WHAT YOU ARE ASKED TO DO
Where an image appears, leave it out; otherwise repeat the data exactly.

————

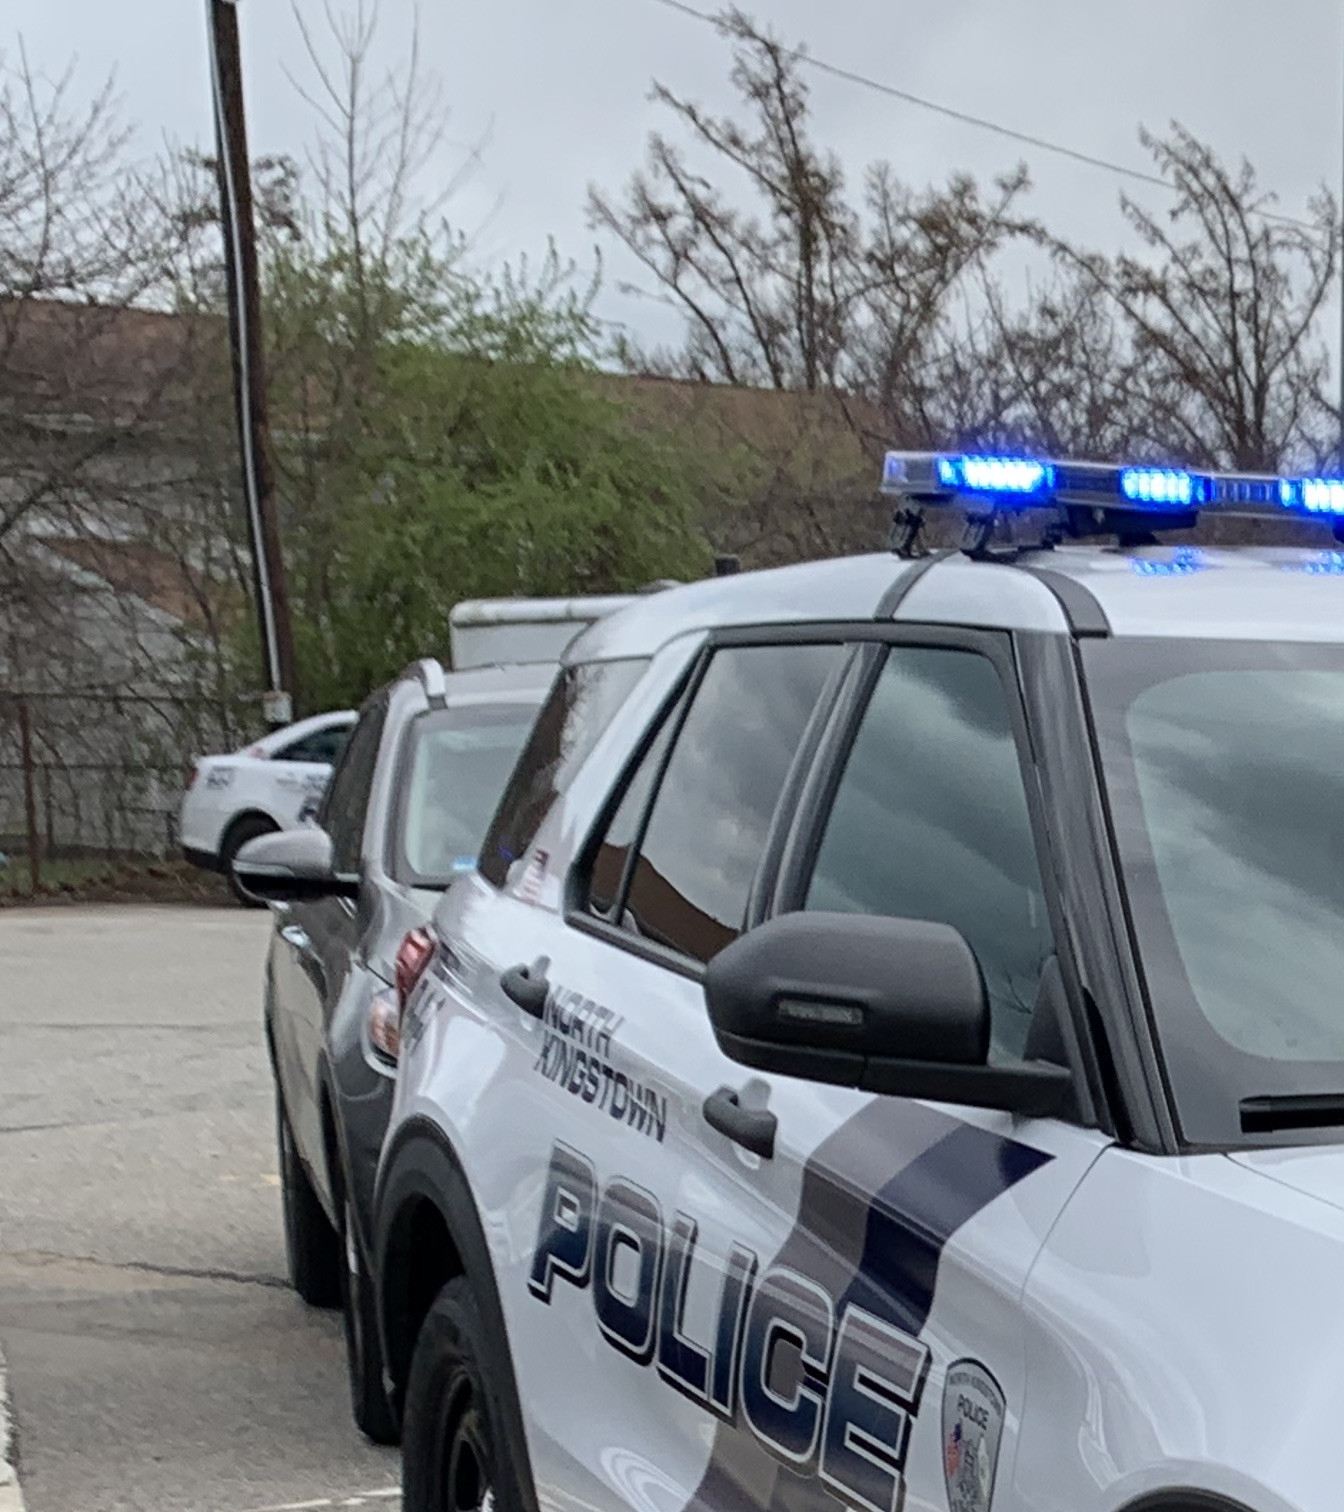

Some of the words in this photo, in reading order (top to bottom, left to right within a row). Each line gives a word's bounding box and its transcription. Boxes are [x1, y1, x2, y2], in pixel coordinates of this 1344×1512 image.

[543, 985, 626, 1060] NORTH
[533, 1030, 667, 1144] KINGSTOWN
[957, 1392, 991, 1431] POLICE
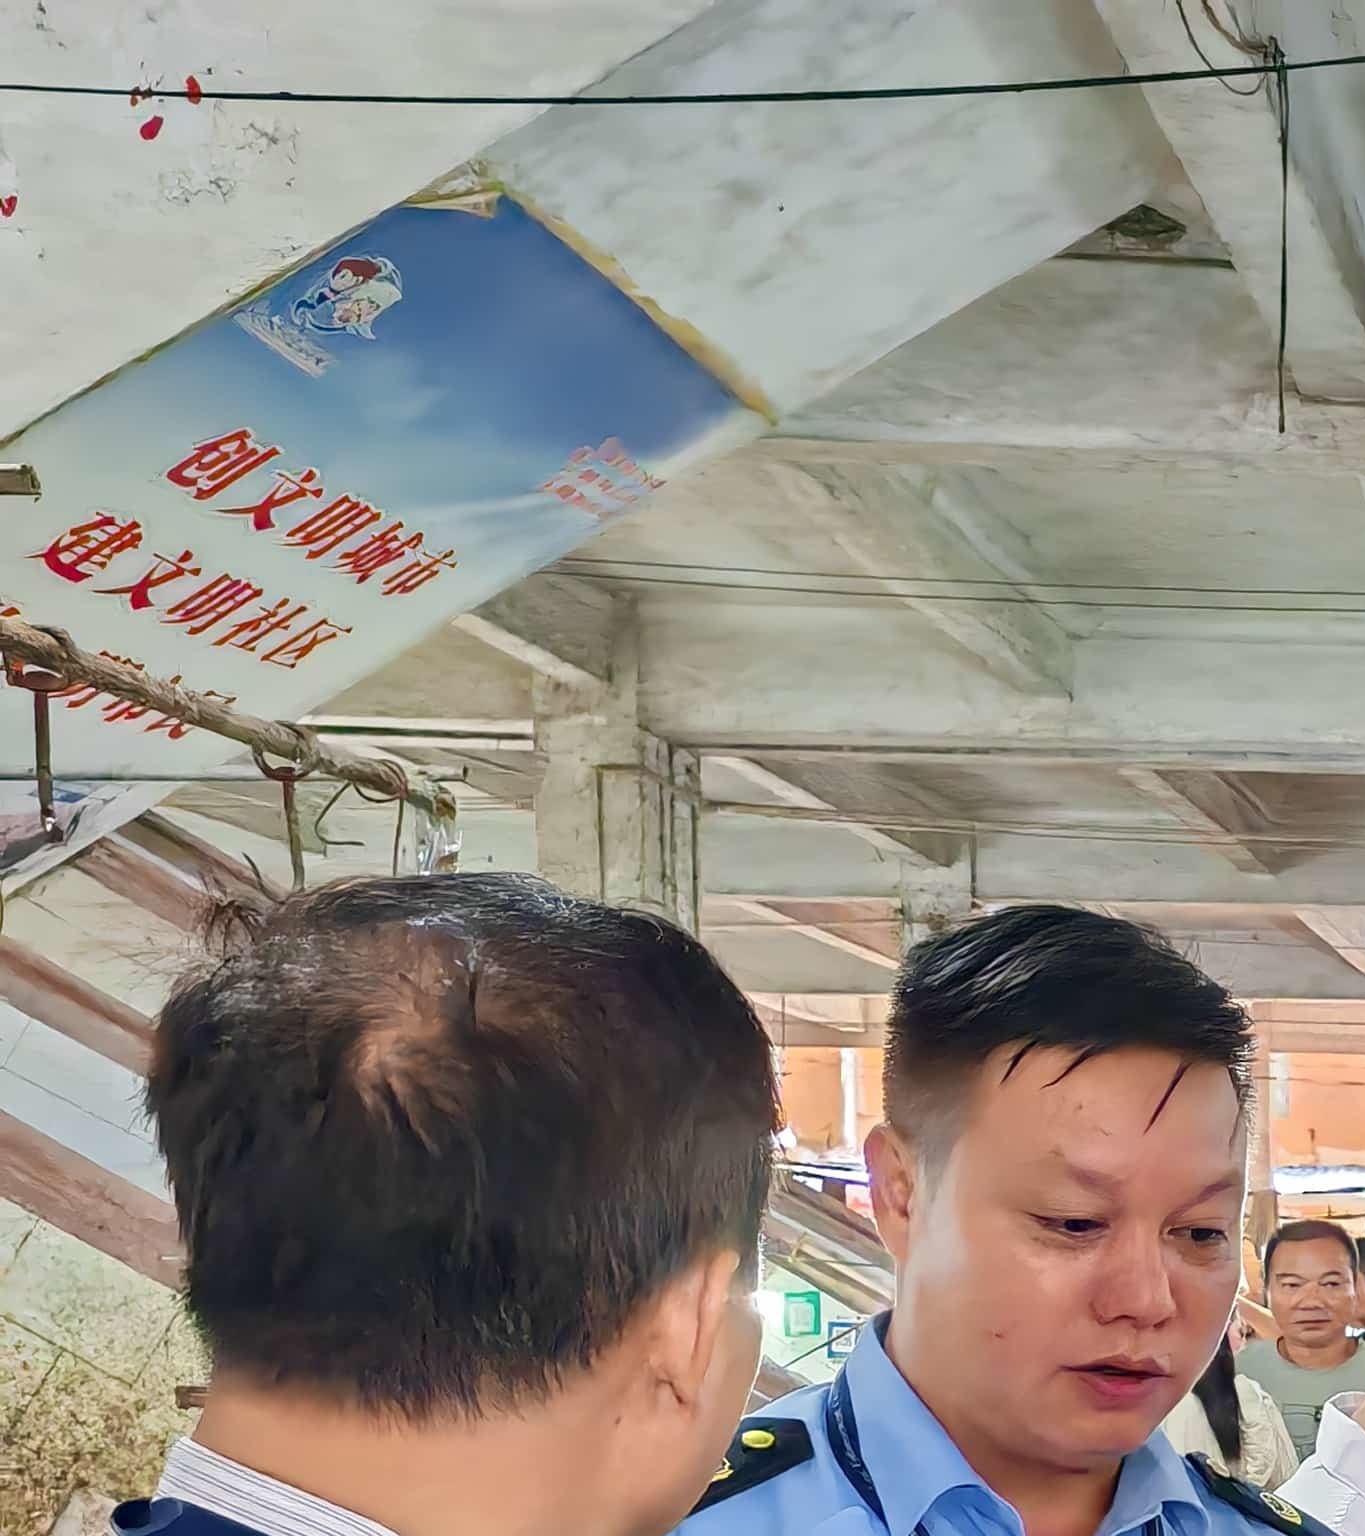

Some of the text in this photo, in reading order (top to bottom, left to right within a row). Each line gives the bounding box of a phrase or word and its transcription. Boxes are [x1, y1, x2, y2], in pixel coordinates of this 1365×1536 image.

————

SOLUTION TO THE PROBLEM
Some of the words in this photo, in reading order (top to bottom, left to right within a row). Each line gives a word's bounding box and its transcription. Boxes are [x1, y1, x2, y2], in pixel coordinates of this 1344×1512 image.

[543, 985, 626, 1060] NORTH
[533, 1030, 667, 1144] KINGSTOWN
[957, 1392, 991, 1431] POLICE

Some of the text in this photo, in reading order (top to bottom, left to right within a row). Each line gives the bounding box of a phrase or word and its transcription. Boxes are [x1, y1, x2, y2], in pixel coordinates of this 1365×1536 image.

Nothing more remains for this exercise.